Dinakar
Published on

Advanced Visualized Guide for Learning Pytorch the right away

I remember using Keras as my deep learning library to build any neural network model. The reason why I picked it is quite predictable. Firstly, it was easy to wrap your mind around what was going on since the code itself explains a lot. Second, it abstracts or hides many details from you thus not reminding us of the need for customization. But as I progressed copying/pasting the code, I realized if you want to invent a model architecture with full customization (i.e., feeding it the data, training it, and testing it) yourself Keras doesn’t support you much in your way with the same coherence. 

Thus any beginner would be presented with the two most popular options to support their ambition to build a new neural network on their own. Either go with TensorFlow or Pytorch. The choice is Pytorch for me. Why? Never tried Tensorflow because of this customization article. But it’s never bad to try something new, though!!

And so after building some neural network models in Pytorch, I realized the code is comprehensible just like Keras but now with customization!! (though didn’t realize this at my first shot). So, here’s what I am going to do to try to make you feel the same. Firstly, I am not going to trap you with a lot of words as I did with the previous paragraphs.  Secondly, we’ll build a readable/comprehensible neural network model in Pytorch with best practices for a beginner through some visualizations. That’s it. 

Table of Contents

Steps to build a neural network model in Pytorch for regression problem (California housing dataset)

Figure: Steps to build a neural network model in Pytorch for regression problem (California housing dataset)

So, In summary, you’re just going to look at five chunks of transparent code. Here's the entire code if you want to skip the article and just look at the code.

Getting the Data

# Import dataset
from sklearn.datasets import fetch_california_housing

# Extract the dataset
X, y = fetch_california_housing(return_X_y = True)


from sklearn.model_selection import train_test_split

# Split the dataset into train, test data
X_train, X_test, y_train, y_test = train_test_split(X, y, test_size=0.2, random_state=42) 
# Split the train dataset further into train and validation data
X_train, X_val, y_train, y_val = train_test_split(X_train, y_train, test_size=0.2, random_state=42) # 60% train, 20% val, 20% test

Nothing related to Pytorch here. Just loading and splitting the data is all we’re doing.
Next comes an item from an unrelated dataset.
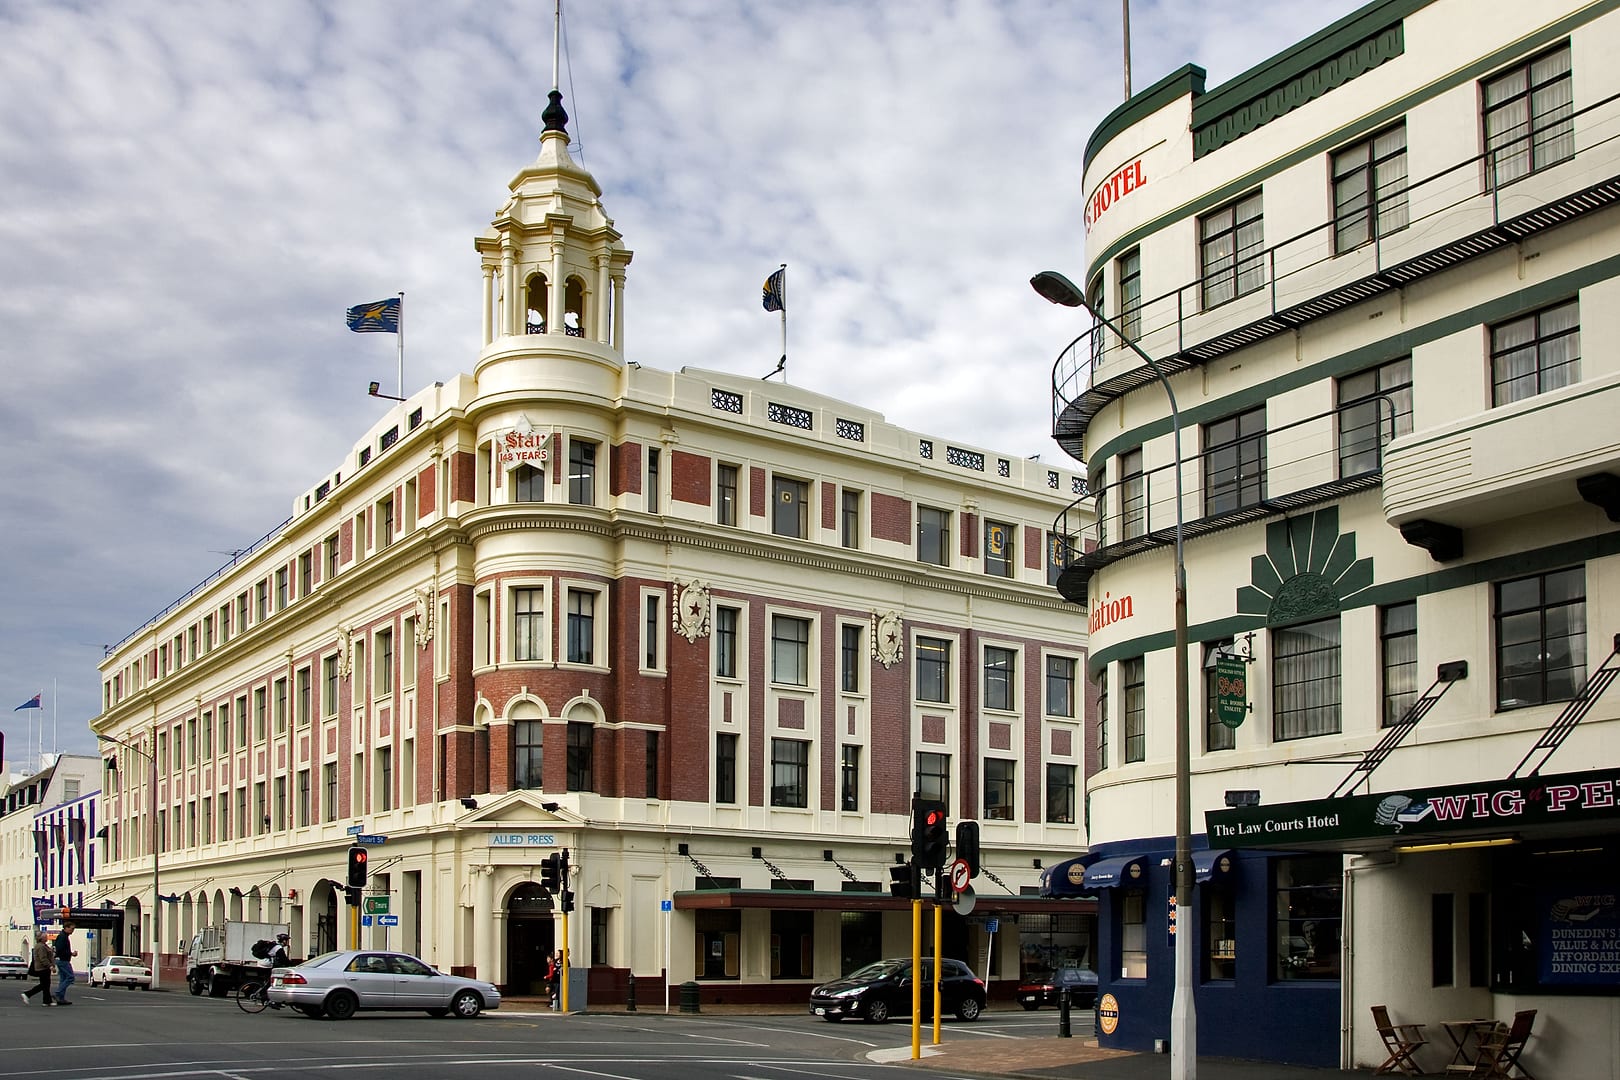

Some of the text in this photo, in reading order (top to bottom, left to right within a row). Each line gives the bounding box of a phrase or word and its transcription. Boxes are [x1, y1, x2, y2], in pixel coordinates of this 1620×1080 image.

By the way, a small note on the data, price i.e., the target is dependent on 8 independent values. 

Illustration of California Housing Dataset with one and four data samples

Figure: Illustration of California Housing Dataset with one and four data samples.

Make the Data edible for Pytorch Model Pipeline 

# Make the data suitable to feedinto the pytorch model pipeline
import torch

# for input shape = (batch_size, 8) where batches = 20640/(batch_size), output shape = (batch_size, 1)
X_train = torch.tensor(X_train, dtype=torch.float32)
X_val = torch.tensor(X_val, dtype=torch.float32)
X_test = torch.tensor(X_test, dtype=torch.float32)
y_train = torch.tensor(y_train.reshape(-1, 1), dtype=torch.float32)
y_val = torch.tensor(y_val.reshape(-1, 1), dtype=torch.float32)
y_test = torch.tensor(y_test.reshape(-1, 1), dtype=torch.float32)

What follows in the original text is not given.